• WHAT NEEDS TO BE DONE
Reproduce the records below exactly; no pictures.

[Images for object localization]
=-=-=
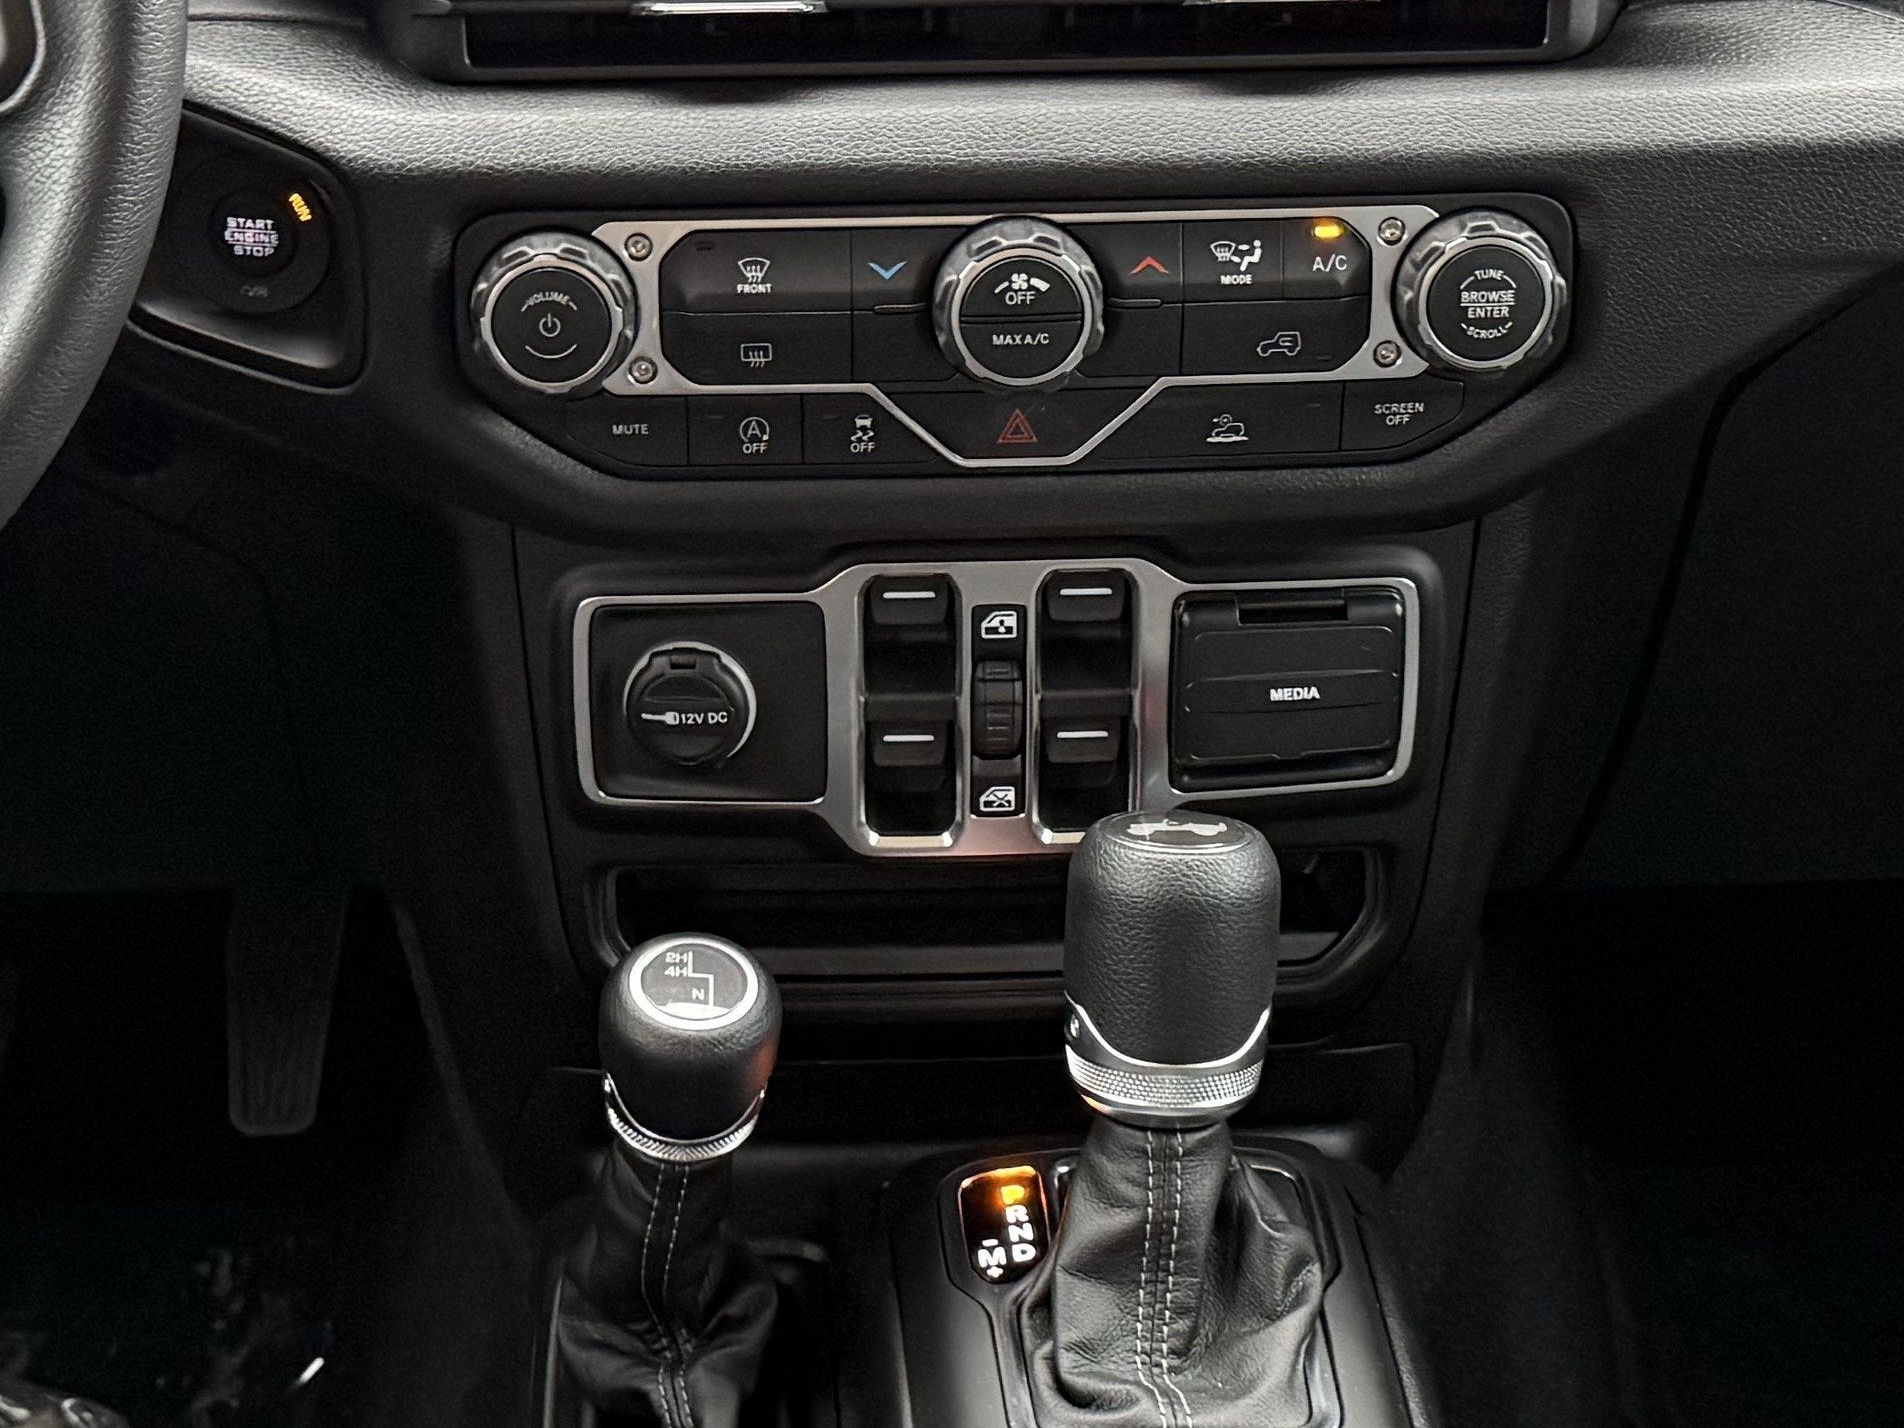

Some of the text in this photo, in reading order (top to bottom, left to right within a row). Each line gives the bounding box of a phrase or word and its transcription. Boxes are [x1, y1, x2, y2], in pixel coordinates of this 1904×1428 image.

[227, 217, 274, 229] START
[225, 230, 278, 245] ENGINE
[233, 246, 275, 257] STOP
[1312, 254, 1348, 272] A/C
[1220, 274, 1253, 285] MODE
[1474, 268, 1505, 281] TUNE
[736, 283, 772, 295] FRONT
[1005, 291, 1036, 305] OFF
[1460, 290, 1515, 303] BROWSE
[1467, 306, 1510, 319] ENTER
[992, 332, 1050, 346] MAX A/C
[1466, 325, 1508, 340] SCROLL
[1374, 402, 1425, 415] SCREEN
[1385, 415, 1411, 426] OFF
[612, 423, 649, 436] MUTE
[742, 442, 769, 455] OFF
[850, 442, 876, 454] OFF
[1269, 686, 1321, 702] MEDIA
[680, 711, 729, 725] 12V DC
[663, 965, 688, 978] 4H
[691, 988, 705, 1001] N
[1005, 1204, 1030, 1224] R
[1008, 1222, 1035, 1243] N
[977, 1246, 1008, 1268] M
[1011, 1242, 1037, 1263] D
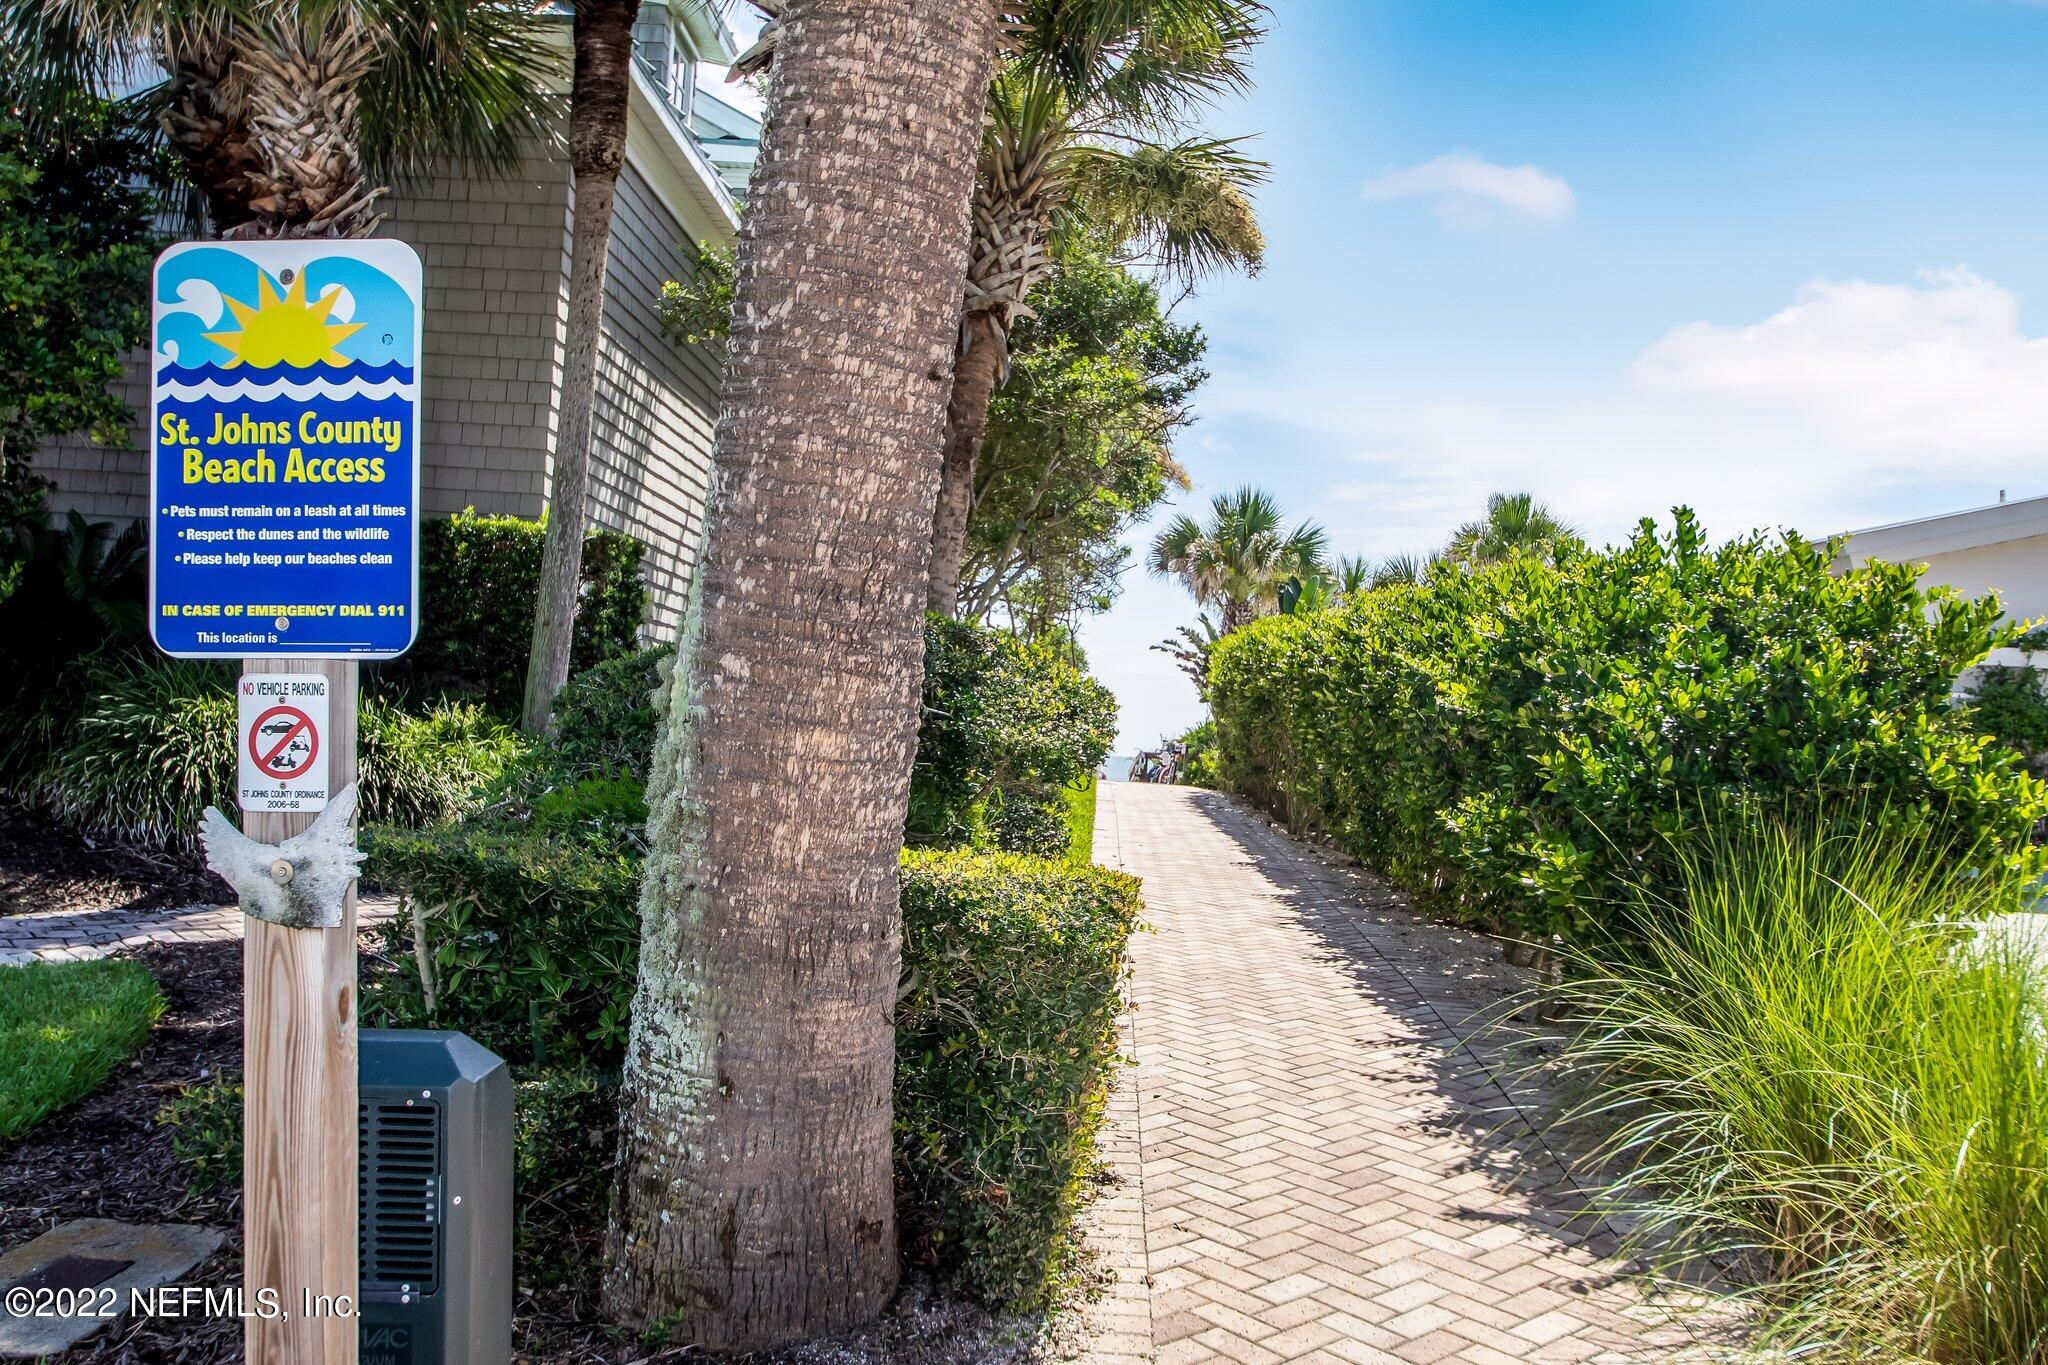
=-=-=
• TASK ANSWER
Some of the text in this photo, in reading order (top to bottom, left to right within a row). Each line gives the bounding box of a phrase or word and its transcription. Boxes are [x1, y1, x2, y2], in pixel coordinates of this 1904×1428 image.

[227, 217, 274, 229] START
[225, 230, 278, 245] ENGINE
[233, 246, 275, 257] STOP
[1312, 254, 1348, 272] A/C
[1220, 274, 1253, 285] MODE
[1474, 268, 1505, 281] TUNE
[736, 283, 772, 295] FRONT
[1005, 291, 1036, 305] OFF
[1460, 290, 1515, 303] BROWSE
[1467, 306, 1510, 319] ENTER
[992, 332, 1050, 346] MAX A/C
[1466, 325, 1508, 340] SCROLL
[1374, 402, 1425, 415] SCREEN
[1385, 415, 1411, 426] OFF
[612, 423, 649, 436] MUTE
[742, 442, 769, 455] OFF
[850, 442, 876, 454] OFF
[1269, 686, 1321, 702] MEDIA
[680, 711, 729, 725] 12V DC
[663, 965, 688, 978] 4H
[691, 988, 705, 1001] N
[1005, 1204, 1030, 1224] R
[1008, 1222, 1035, 1243] N
[977, 1246, 1008, 1268] M
[1011, 1242, 1037, 1263] D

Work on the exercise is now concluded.